Cristina Ferreira e o Kamasutra: Por que o consentimento da mulher nunca foi uma zona cinzenta
O consentimento da mulher no Kamasutra é obrigatório. Analisamos como Vatsyayana defende a autonomia feminina e rejeita a coerção no prazer.
O debate público em torno do consentimento sexual em Portugal atingiu um ponto de rutura com as recentes declarações de Cristina Ferreira no programa Dois às 10, da TVI. Ao questionar se, num cenário de “adrenalina” durante um ato sexual em grupo, os intervenientes conseguem “ouvir” ou “entender” um “não quero mais”, a apresentadora desencadeou uma onda de indignação que resultou em mais de 4.400 queixas à Entidade Reguladora para a Comunicação Social (ERC).
O Portal de Notícias e outros órgãos de referência detalharam a contestação generalizada, que acusa a diretora de Entretenimento e Ficção da TVI de relativizar a violência sexual e de colocar o ónus da comunicação na vítima. Contudo, esta suposta zona cinzenta da comunicação moderna é desmentida por um dos textos mais antigos e mal interpretados da humanidade: o Kamasutra.
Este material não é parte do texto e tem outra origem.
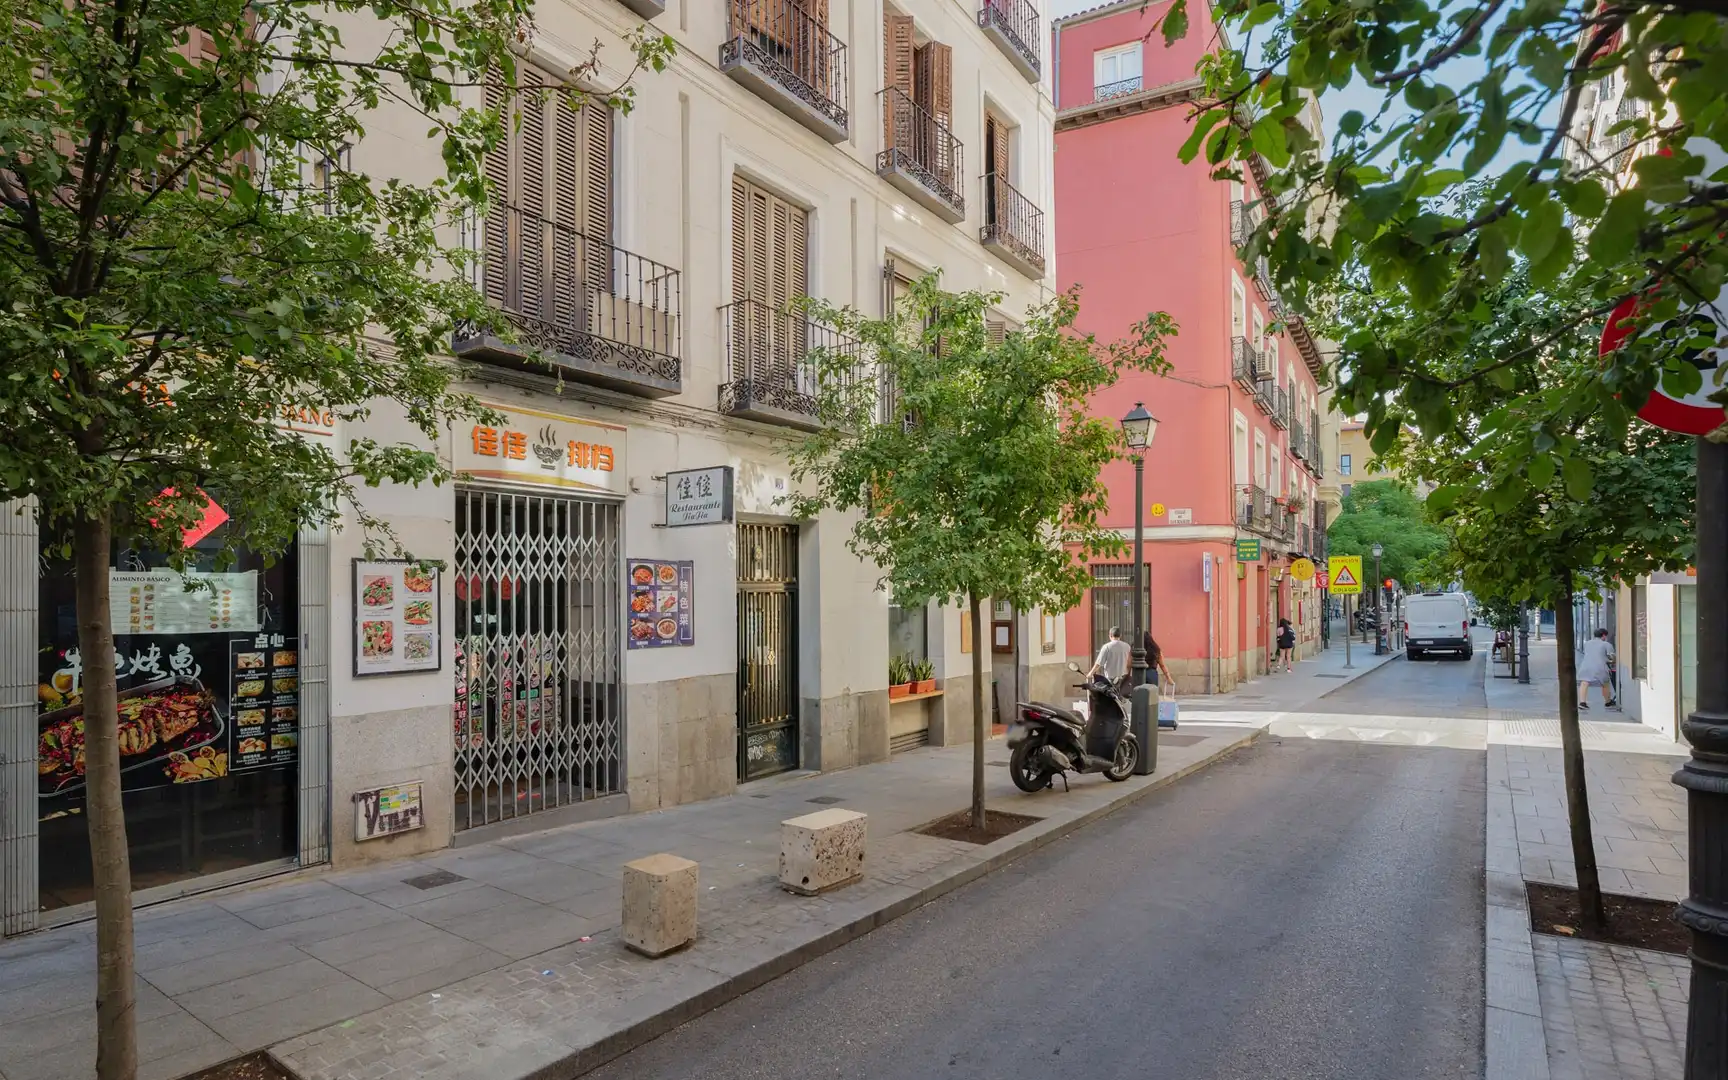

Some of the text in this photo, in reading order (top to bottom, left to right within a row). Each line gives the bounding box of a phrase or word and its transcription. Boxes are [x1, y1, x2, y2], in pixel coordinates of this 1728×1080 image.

A precisão do “Não” contra a “adrenalina” da incompreensão
Enquanto o discurso mediático contemporâneo parece debater-se com a clareza do consentimento em situações de pressão, o tratado indiano do século III, escrito por Vatsyayana, já estabelecia o consentimento como requisito técnico e moral absoluto.
Sharha, investigadora e doutoranda em Feminismo no Kamasutra pela Cardiff Metropolitan University, defende que a obra “vai muito além da catalogação de posições eróticas”. No Kamasutra, a ideia de que o desejo pode ser “mal interpretado” devido à adrenalina – argumento subjacente à polémica de Cristina Ferreira – é vista como “falha grosseira de civilização”.
Vatsyayana instrui os homens a interpretarem a linguagem corporal com um rigor que hoje classificaríamos como clínico. “Se uma mulher demonstra a mínima hesitação, timidez ou desconforto, a regra é clara: a interrupção imediata“, salienta Sharha. “Não há espaço para o ruído da adrenalina. O texto sagrado coloca a autoridade da vontade feminina acima de qualquer impulso biológico masculino”, sublinha.
As 64 Artes como escudo de autonomia
A análise de Sharha destaca que a base do consentimento no Kamasutra reside na educação e na mulher. O texto defende que “a mulher deve ser mestre em 64 artes e ciências, desde a lógica e a gramática até à estratégia e às artes performativas”. Este currículo extensivo não era meramente ornamental; era uma ferramenta de poder.
- • Independência Intelectual: Uma mulher que domina a lógica é capaz de detetar a manipulação e a lisonja falsa.
- • Soberania Social: O conhecimento conferia-lhe um estatuto de respeito que impedia a sua redução a um objeto passivo.
- • Capacidade de Escolha: A educação permitia à mulher exercer o seu poder de decisão fundamentado na razão, e não apenas na submissão.
Desta forma, o “Não” do Kamasutra é uma extensão de uma mente educada e soberana, algo que as sociedades contemporâneas ainda parecem ter dificuldade em integrar plenamente nos seus currículos sociais.
Do “Não é Não” ao “Sim é Sim”
A grande lição que Sharha extrai do Kamasutra para os dias de hoje é “a transição de um consentimento defensivo [Não é Não] para um consentimento entusiástico e progressivo”. No tratado indiano, o consentimento “não é um contrato estático assinado antes do ato, mas uma sucessão de acordos contínuos”. O homem é instruído a avançar “apenas quando o entusiasmo da parceira é visível e recíproco em cada etapa – social, sensorial e física”.
Ao contrário da premissa de que a recusa pode ser “inaudível”, o Kamasutra “ridiculariza o homem que não consegue obter o consentimento através da cortesia e do intelecto”. Em última análise, a obra milenar e a polémica atual de Cristina Ferreira “cruzam-se num ponto crítico: o prazer que ignora a agência do outro não é erotismo, é barbárie”. O “Não é absoluto”, enquanto “o Sim no Kamasutra é o único validador de uma experiência verdadeiramente humana e sagrada”.